### Activity
Please transcribe all of the entries exactly, leaving out any images.
[Available data — start]
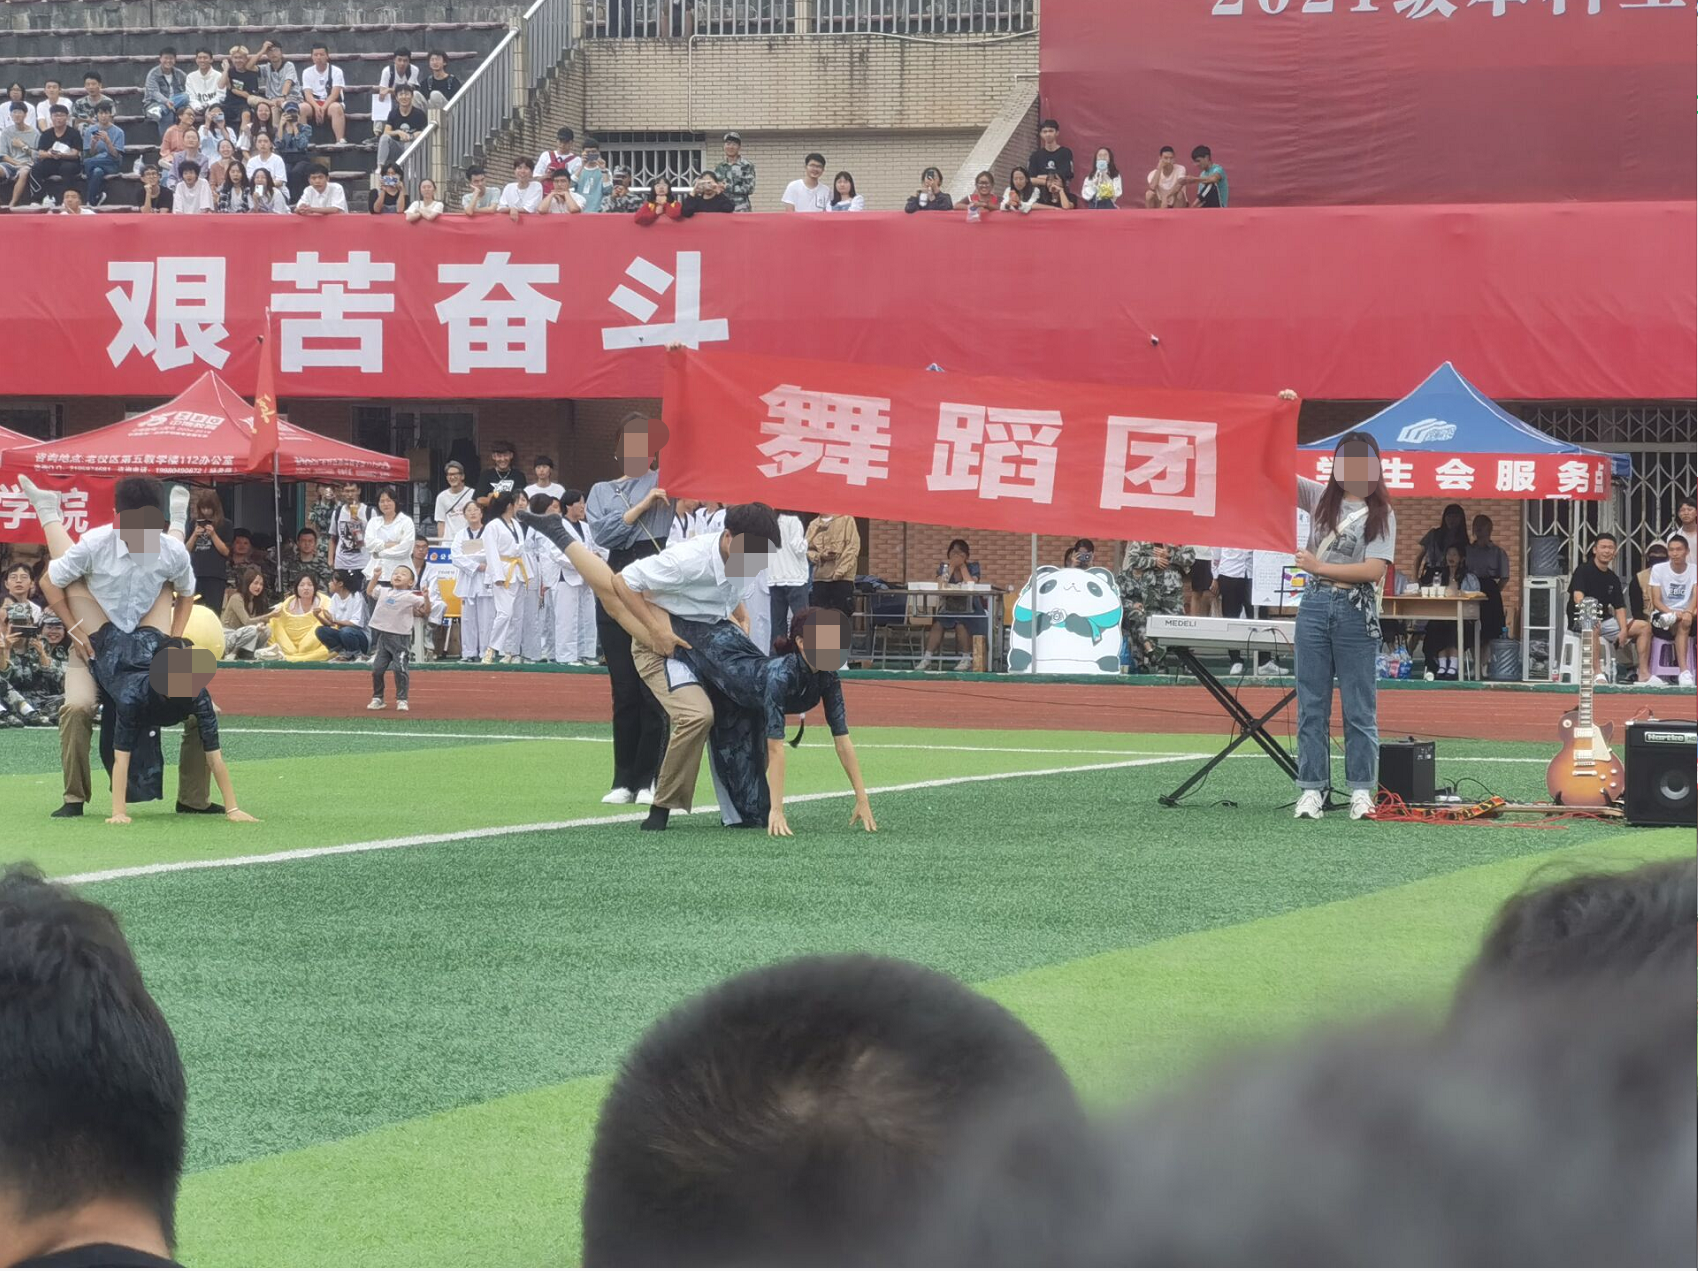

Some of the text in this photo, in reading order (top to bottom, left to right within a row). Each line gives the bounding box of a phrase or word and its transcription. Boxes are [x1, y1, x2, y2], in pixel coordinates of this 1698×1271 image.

[105, 251, 730, 374] 艰苦奋斗
[756, 384, 1218, 517] 舞蹈团
[0, 483, 89, 533] 学院
[1165, 619, 1197, 627] MEDELI
[1647, 734, 1684, 742] Hartke
[Available data — finish]
### Answer below
Some of the text in this photo, in reading order (top to bottom, left to right within a row). Each line gives the bounding box of a phrase or word and its transcription. Boxes are [x1, y1, x2, y2], in pixel coordinates of this 1698×1271 image.

[105, 251, 730, 374] 艰苦奋斗
[756, 384, 1218, 517] 舞蹈团
[0, 483, 89, 533] 学院
[1165, 619, 1197, 627] MEDELI
[1647, 734, 1684, 742] Hartke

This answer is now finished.